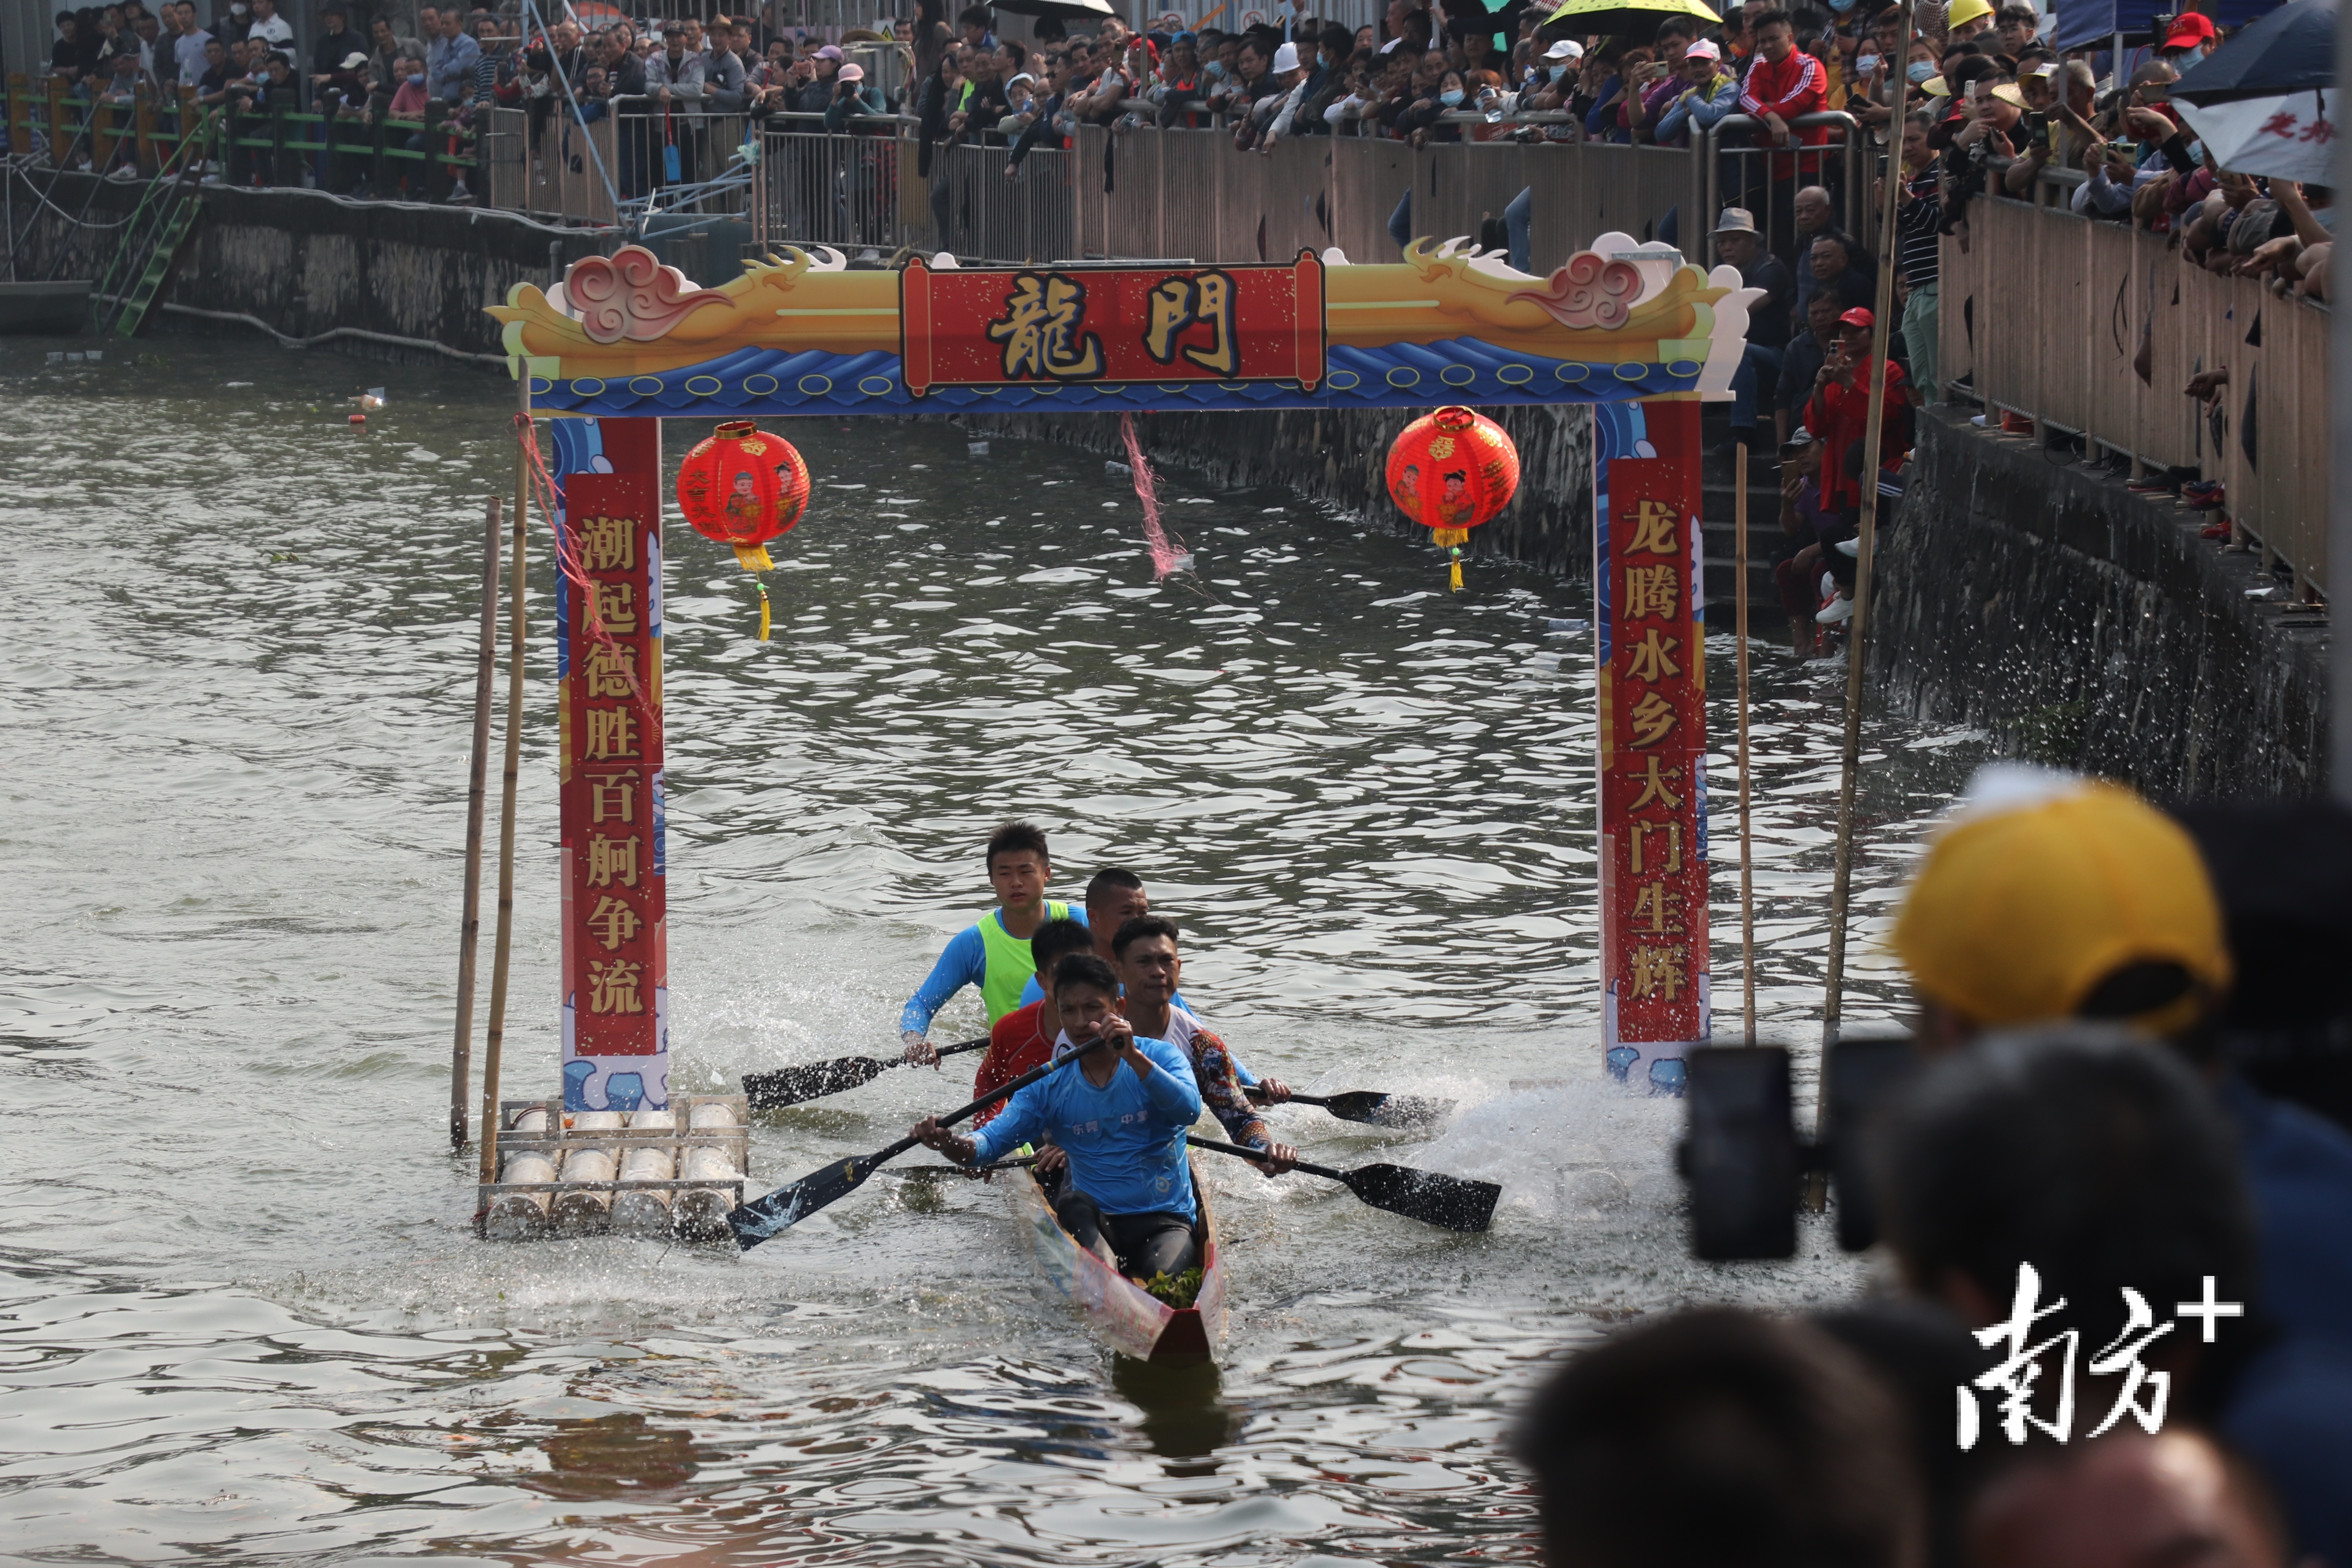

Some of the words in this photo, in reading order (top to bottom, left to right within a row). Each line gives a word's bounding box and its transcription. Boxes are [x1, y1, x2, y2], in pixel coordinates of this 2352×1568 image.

[988, 271, 1235, 378] 龍門
[579, 516, 644, 1014] 潮起德胜百舸争流
[1622, 499, 1689, 1001] 龙腾水乡大门生辉
[1072, 1120, 1099, 1135] 东莞

---------------

[YOUR INSTRUCTIONS]
From the first line to the last, give the data again exactly, but without pictures.

[EXERCISE RESULT]
Some of the words in this photo, in reading order (top to bottom, left to right within a row). Each line gives a word's bounding box and its transcription. Boxes are [x1, y1, x2, y2], in pixel coordinates of this 2352×1568 image.

[988, 271, 1235, 378] 龍門
[579, 516, 644, 1014] 潮起德胜百舸争流
[1622, 499, 1689, 1001] 龙腾水乡大门生辉
[1072, 1120, 1099, 1135] 东莞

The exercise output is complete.